02. Dezember 2024, Berlin
Die Black Week ist rum, dafür ist heute Cyber Monday. Deswegen weiter Insta-Werbung noch und nöcher. Ich bekomme ein Angebot von Masterclass eingespielt. Für den Kurs: „Connect with anyone. Learn CIA-proven tactics to build better relationships.”
So gut kennt mich der Algorithmus doch nicht. Ich möchte keine „better relationships“ bilden. Im Gegenteil. An einem Kurs: „Avoid everybody. Learn CIA-proven tactics to go into hiding” wäre ich mehr interessiert.
Nach unserer James-Bond-Retrospektive der letzten Wochen steht uns eine neue cineastische Herausforderung bevor: Bis Heiligabend schauen wir ausschließlich Weihnachtsfilme und -serien.
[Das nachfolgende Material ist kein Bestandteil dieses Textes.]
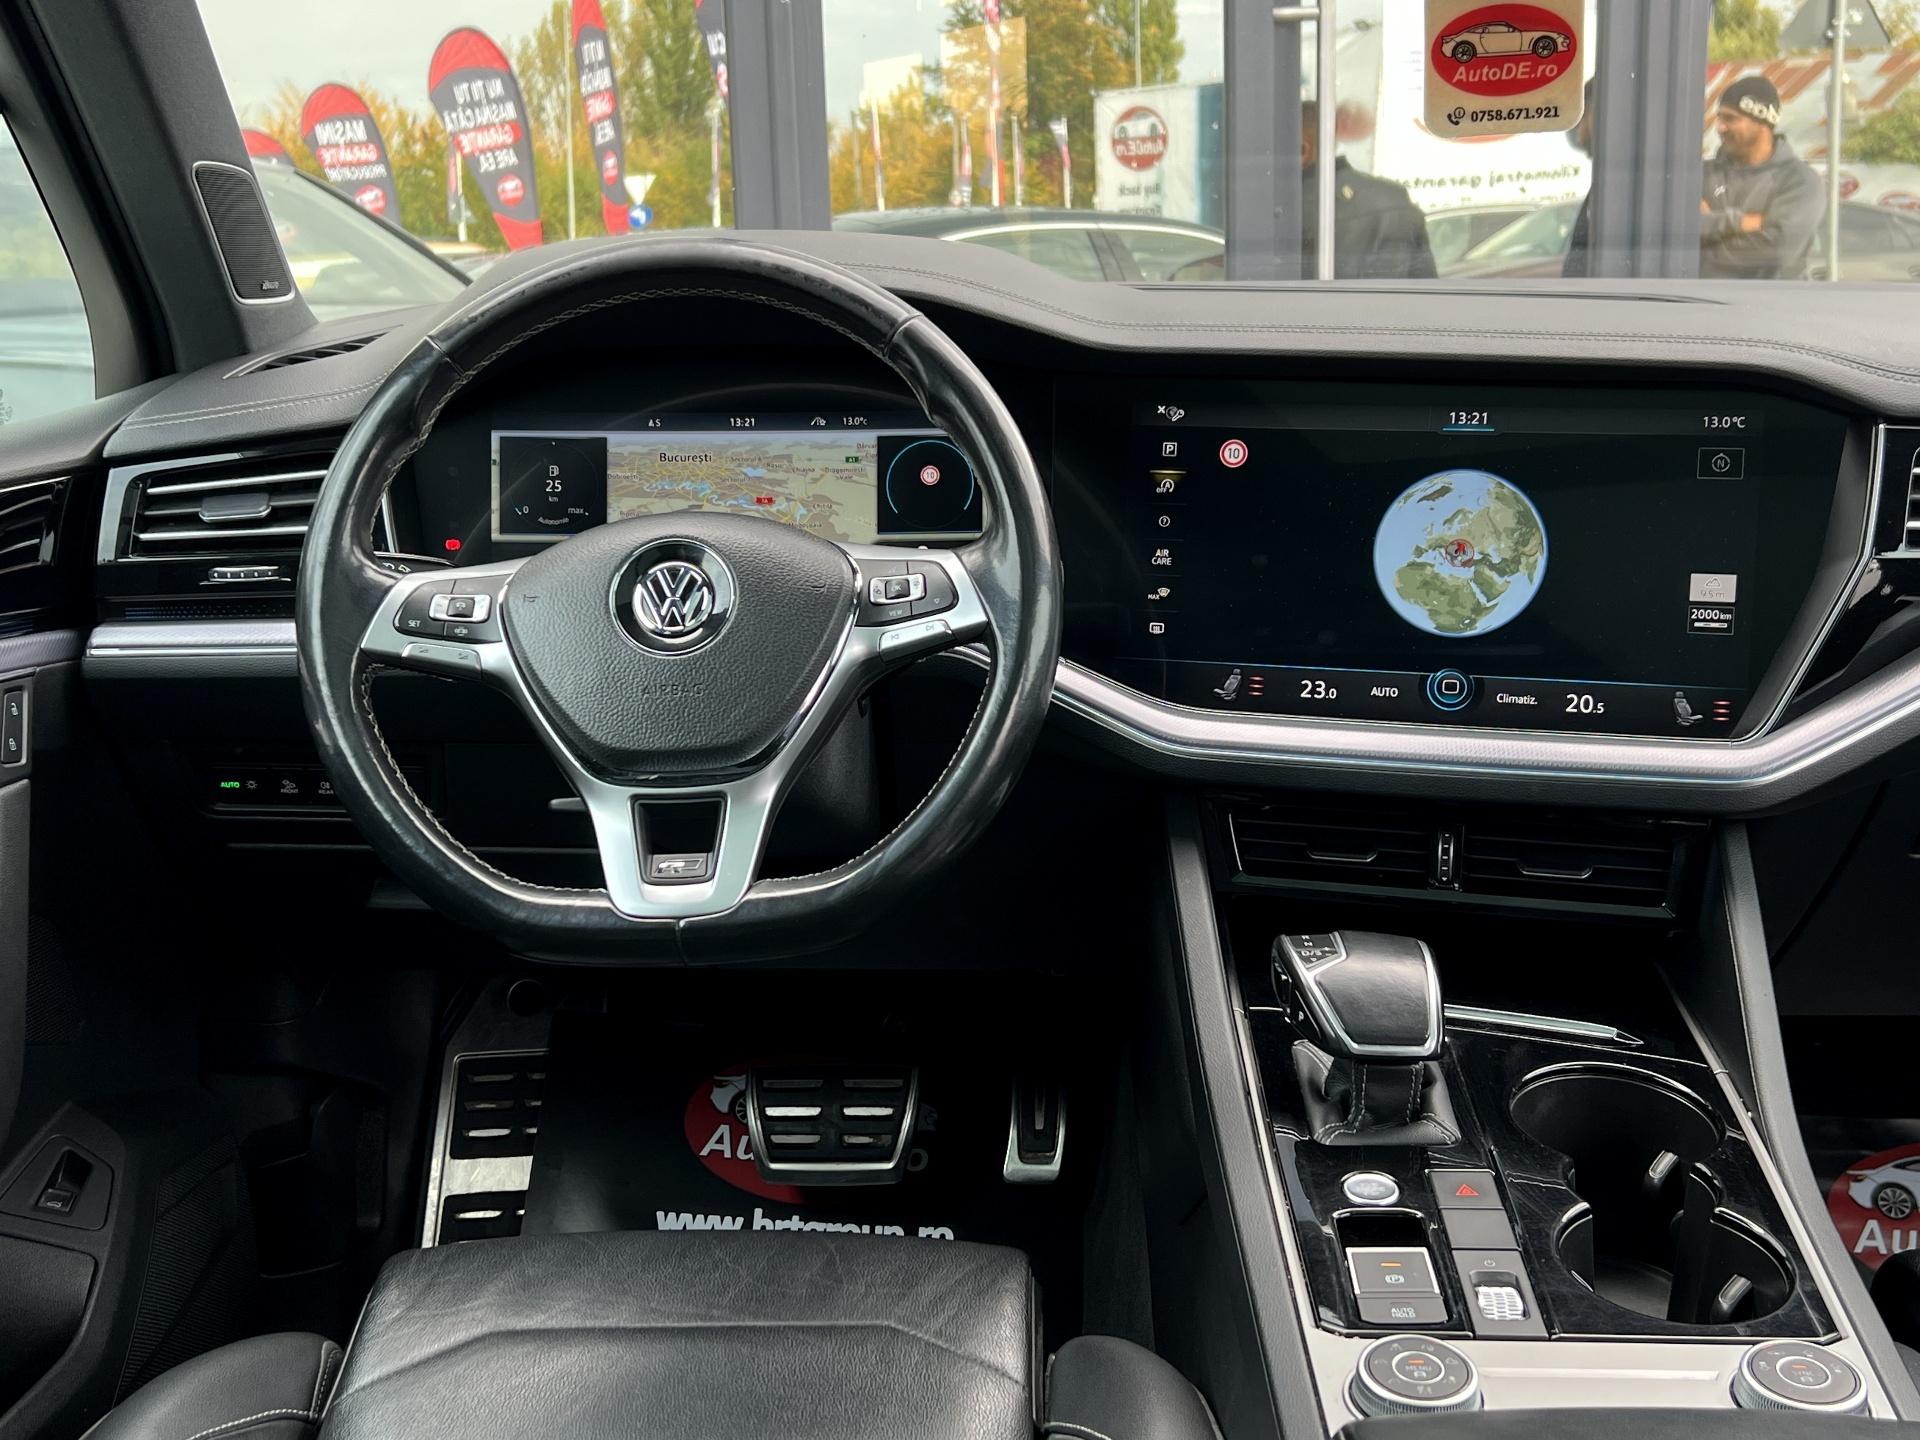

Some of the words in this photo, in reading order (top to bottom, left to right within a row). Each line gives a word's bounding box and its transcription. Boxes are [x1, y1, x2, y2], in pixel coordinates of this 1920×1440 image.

[1452, 62, 1557, 83] AutoDE.ro
[1471, 106, 1560, 122] 0758.671.921
[730, 417, 755, 427] 13:21
[1449, 411, 1488, 425] 13:21
[1703, 416, 1746, 428] 13.0°C
[659, 452, 712, 464] București
[1227, 447, 1240, 459] 10
[545, 480, 562, 492] 25
[1155, 549, 1169, 557] AIR
[1151, 557, 1172, 565] CARE
[408, 620, 421, 628] SET
[1300, 680, 1337, 699] 23.0
[1370, 686, 1399, 697] AUTO
[1496, 693, 1538, 705] Climatiz.
[1565, 693, 1605, 714] 20.5
Von Klassikern über moderne Klassiker, Komödien, Romanzen, Familiengeschichten bis hin zu schlimmsten Hallmark-Movies, bei denen von Plot über Dialoge und schauspielerischen Leistung bis hin zur Kulisse alles zu wünschen übrig lässt.
In letztere Kategorie fällt unser gestriger Auftakt: „The Merry Gentlemen“. Eine Broadway-Tänzerin, kehrt in ihr Heimatsstädtchen zurück, wo sie den darniederliegenden Nachtclub ihrer Eltern retten will und zwar durch eine weihnachtliche Tanzrevue mit halbnackerten Männern. Ich denke, ich verrate nicht zu viel, wenn ich hier schreibe, dass sich die Tanzrevue-Organisatorin und einer der Tänzer näher kommen, sie ein Angebot an den Broadway zurückzukehren letztendlich ausschlägt – alles für die Liebe – und die Bar gerettet wird. Zumindest warten die Tänzer mit beneidenswert durchtrainierten Oberkörper auf, die sie ausgiebig zur Schau stellen. (Wozu bräuchte man sonst eine Tanzrevue mit halbnackerten Männern?)
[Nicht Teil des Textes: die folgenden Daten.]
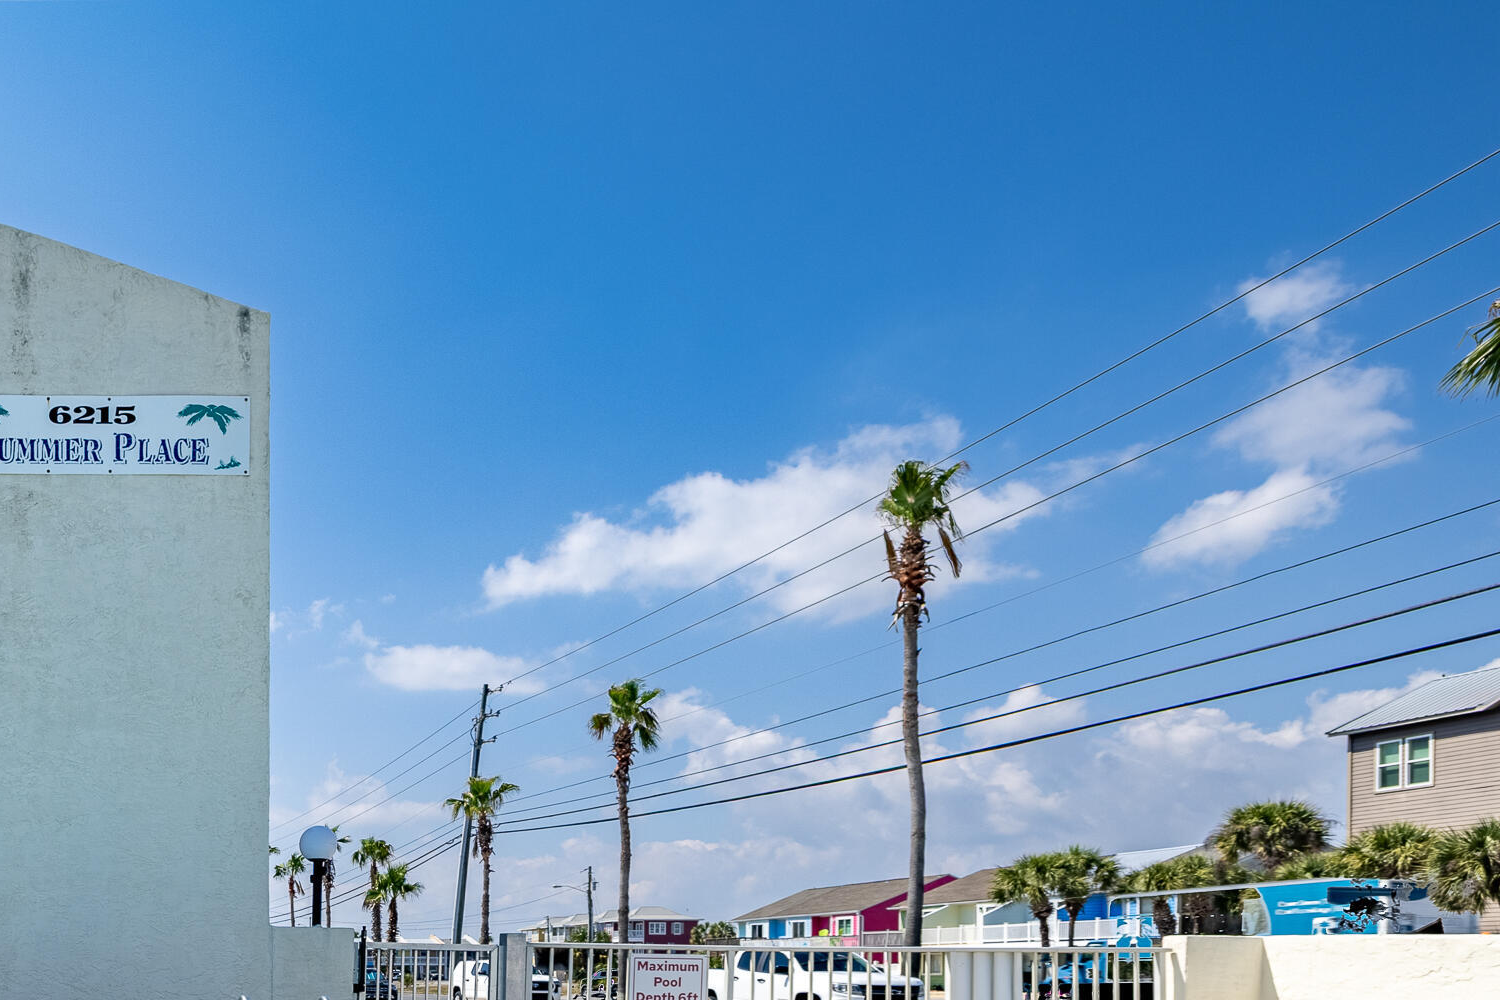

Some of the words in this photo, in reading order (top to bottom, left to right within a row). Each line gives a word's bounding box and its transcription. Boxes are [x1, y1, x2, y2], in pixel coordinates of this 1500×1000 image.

Für die nächsten Abenden ist definitiv noch Luft nach oben. Wobei ich nicht ausschließen möchte, dass wir in den nächsten Wochen noch schlechtere Filme sehen werden. (Looking at you, „Das perfekte Weihnachtsdinner“ vom letzten Jahr!) Deswegen gibt es als Bewertung einen von fünf Dominosteinen.
Im heutigen Film. „Our little secret“, immerhin auf Platz acht der Netflix-Film-Charts, verbringt Avery, gespielt von Lindsay Lohan, das Weihnachtsfest bei der Familie ihres Freundes, dessen Mutter sie genauso wenig mag wie der Hund. Dort taucht auch noch ihr Ex auf, der jetzt mit der Schwester ihres Freundes zusammen ist, aber die beiden beschließen, aus welchen Gründen auch immer, ihre frühere Beziehung zu verheimlichen.
Falls Sie vermuten, Avery und der Ex kommen nach einigen Irrungen und Wirrungen wieder zusammen, liegen Sie damit nicht komplett falsch. Beziehungsweise komplett richtig. Der Film ist ganz okay, allerdings sollte Lindsay Lohan im nächsten Jahr nicht unbedingt mit dem Oscar als beste Hauptdarstellerin rechnen. Alles in allem lieb gemeinte zweieinhalb Dominosteine.
03. Dezember 2024, Berlin
„Komm mal her und schau in mein Handy“, ruft meine Frau durch die Wohnung. Als braver Gatte gehe ich zu ihr in die Küche und tue, wie mir geheißen. Sie probiert gerade einen Senioren-Filter aus, so dass mich ein circa 90-jähriger yodaesker Greis auf dem Display anschaut. Mit schlohweißem Haar und Bart, faltiger, schlaffer Haut und milchigem Blick.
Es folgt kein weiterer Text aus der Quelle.